Items from a dataset:
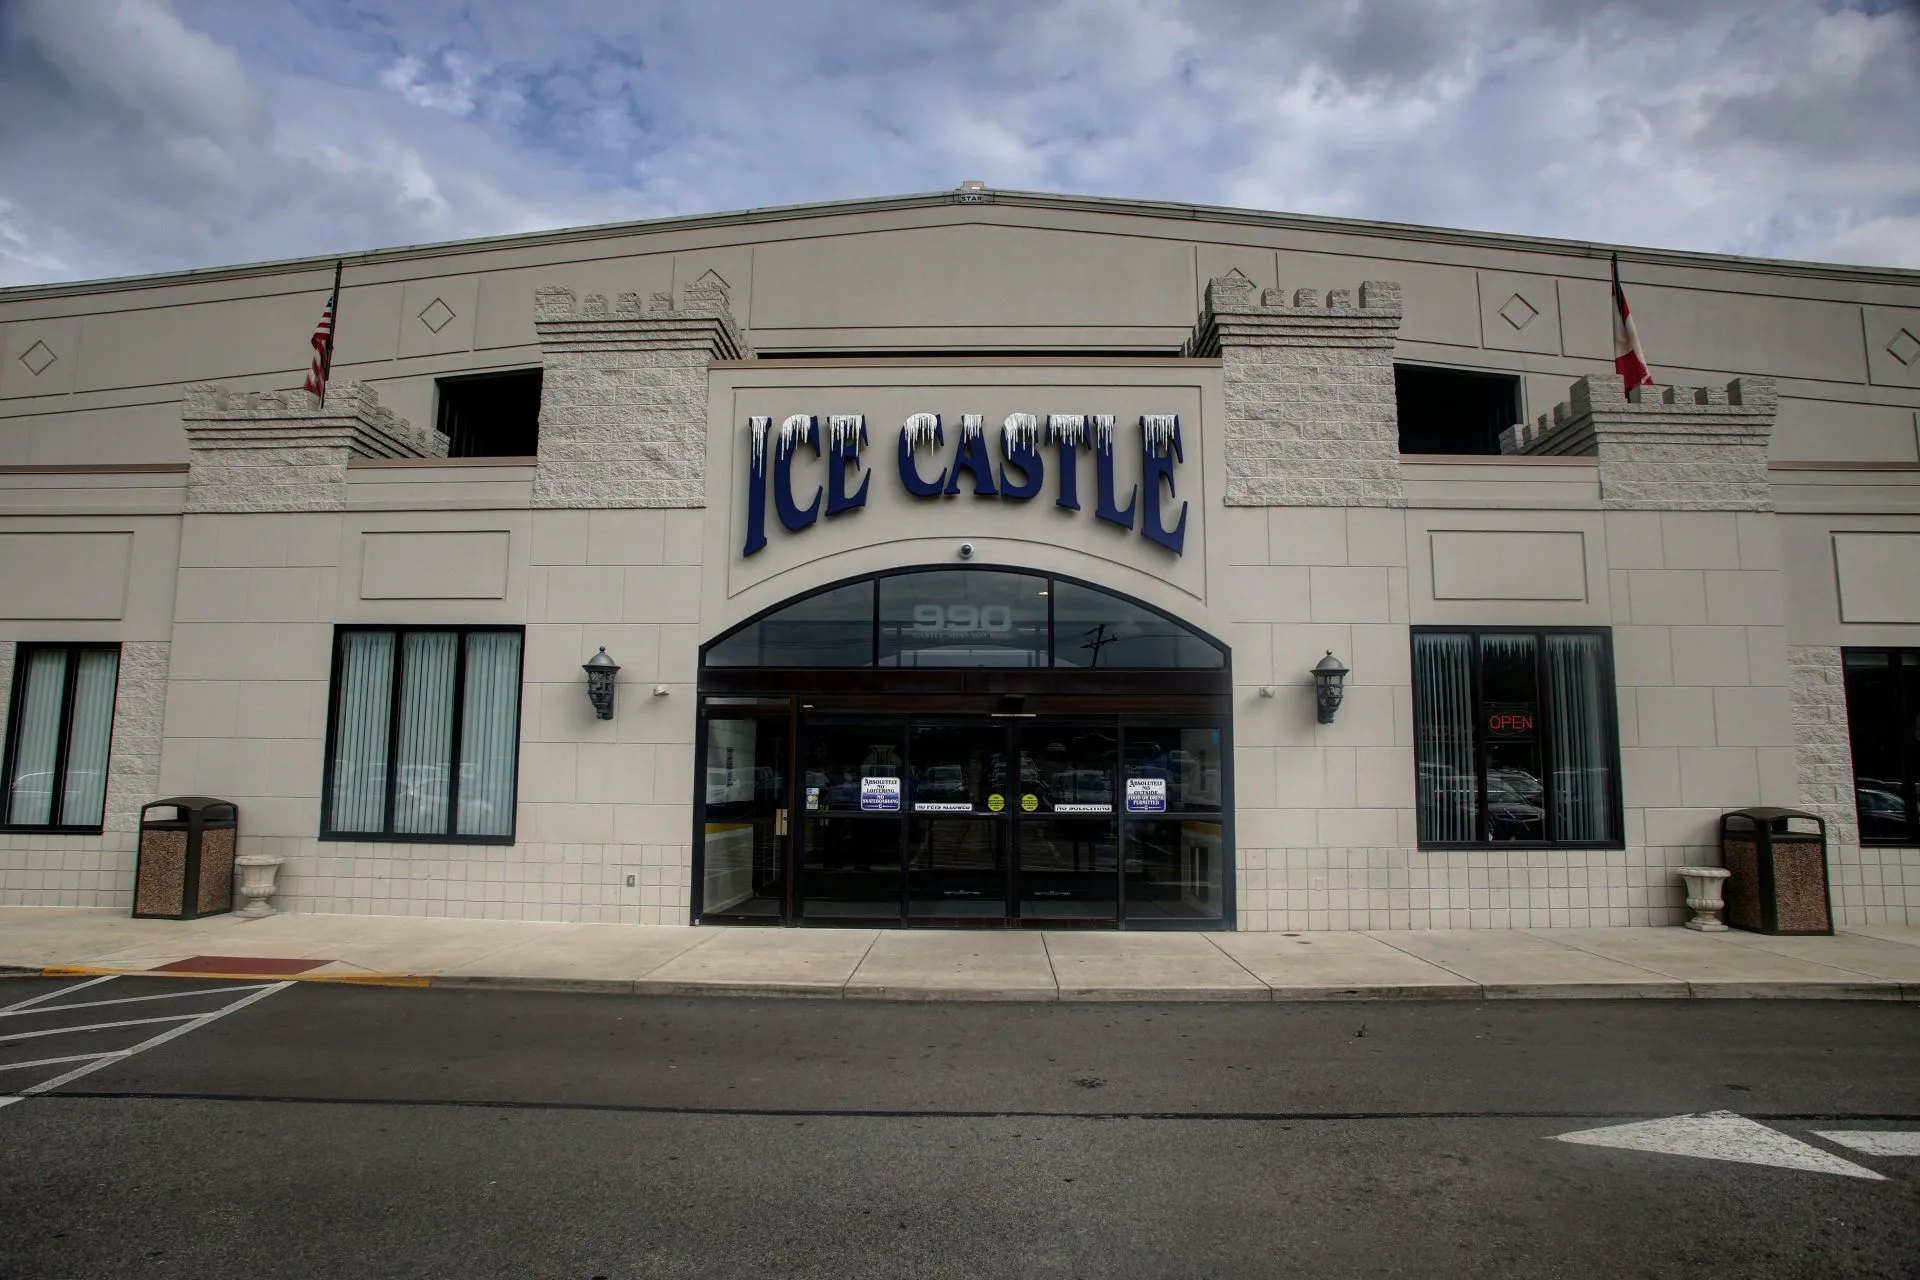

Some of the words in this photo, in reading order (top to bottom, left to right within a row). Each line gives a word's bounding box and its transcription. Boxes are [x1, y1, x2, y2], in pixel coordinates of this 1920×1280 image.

[743, 414, 872, 557] ICE
[897, 413, 1188, 558] CASTLE
[913, 605, 1011, 631] 990
[1489, 715, 1533, 729] OPEN

▶ [WORK ORDER]:
Full copy, no pictures: write out each line of the data exactly as it stands.

▶ [RESPONSE TO THE EXERCISE]:
Some of the words in this photo, in reading order (top to bottom, left to right within a row). Each line gives a word's bounding box and its transcription. Boxes are [x1, y1, x2, y2], in pixel coordinates of this 1920×1280 image.

[743, 414, 872, 557] ICE
[897, 413, 1188, 558] CASTLE
[913, 605, 1011, 631] 990
[1489, 715, 1533, 729] OPEN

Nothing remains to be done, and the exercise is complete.